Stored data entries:
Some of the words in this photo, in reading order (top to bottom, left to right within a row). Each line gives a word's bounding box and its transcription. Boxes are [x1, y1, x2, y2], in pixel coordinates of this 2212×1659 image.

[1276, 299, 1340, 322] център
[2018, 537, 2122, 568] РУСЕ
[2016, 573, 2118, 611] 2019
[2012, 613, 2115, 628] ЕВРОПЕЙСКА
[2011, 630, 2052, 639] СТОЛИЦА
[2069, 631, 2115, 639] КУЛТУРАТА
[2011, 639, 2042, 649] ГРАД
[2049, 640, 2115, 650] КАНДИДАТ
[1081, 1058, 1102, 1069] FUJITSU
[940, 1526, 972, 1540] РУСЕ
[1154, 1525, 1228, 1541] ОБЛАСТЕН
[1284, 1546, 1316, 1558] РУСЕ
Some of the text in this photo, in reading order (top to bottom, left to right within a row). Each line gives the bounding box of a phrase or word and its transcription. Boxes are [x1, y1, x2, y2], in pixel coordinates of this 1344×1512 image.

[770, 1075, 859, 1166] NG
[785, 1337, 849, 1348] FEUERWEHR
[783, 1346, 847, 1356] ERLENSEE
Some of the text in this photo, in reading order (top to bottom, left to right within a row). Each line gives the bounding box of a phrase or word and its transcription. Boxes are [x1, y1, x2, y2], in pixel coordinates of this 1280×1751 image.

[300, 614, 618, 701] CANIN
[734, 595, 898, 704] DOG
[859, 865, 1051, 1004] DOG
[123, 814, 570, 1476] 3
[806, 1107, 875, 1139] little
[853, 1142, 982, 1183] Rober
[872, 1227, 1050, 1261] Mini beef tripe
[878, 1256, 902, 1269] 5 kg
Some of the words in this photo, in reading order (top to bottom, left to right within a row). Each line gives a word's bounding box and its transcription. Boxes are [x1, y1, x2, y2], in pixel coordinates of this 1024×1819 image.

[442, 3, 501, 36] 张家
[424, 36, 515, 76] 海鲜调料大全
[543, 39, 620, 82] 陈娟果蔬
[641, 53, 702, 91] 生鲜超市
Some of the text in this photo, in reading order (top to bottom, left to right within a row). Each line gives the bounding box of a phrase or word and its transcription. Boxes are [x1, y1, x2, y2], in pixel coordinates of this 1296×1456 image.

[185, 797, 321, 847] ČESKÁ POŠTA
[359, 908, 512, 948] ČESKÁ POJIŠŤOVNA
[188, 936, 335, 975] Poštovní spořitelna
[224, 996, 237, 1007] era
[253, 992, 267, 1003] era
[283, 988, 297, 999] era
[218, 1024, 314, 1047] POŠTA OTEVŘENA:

TASK DETAILS:
Can you quote exactly the lines from the one containing "this 1296×1456 image." through the last line of the records above, and nothing else?

ANSWER TO THIS EXERCISE:
Some of the text in this photo, in reading order (top to bottom, left to right within a row). Each line gives the bounding box of a phrase or word and its transcription. Boxes are [x1, y1, x2, y2], in pixel coordinates of this 1296×1456 image.

[185, 797, 321, 847] ČESKÁ POŠTA
[359, 908, 512, 948] ČESKÁ POJIŠŤOVNA
[188, 936, 335, 975] Poštovní spořitelna
[224, 996, 237, 1007] era
[253, 992, 267, 1003] era
[283, 988, 297, 999] era
[218, 1024, 314, 1047] POŠTA OTEVŘENA:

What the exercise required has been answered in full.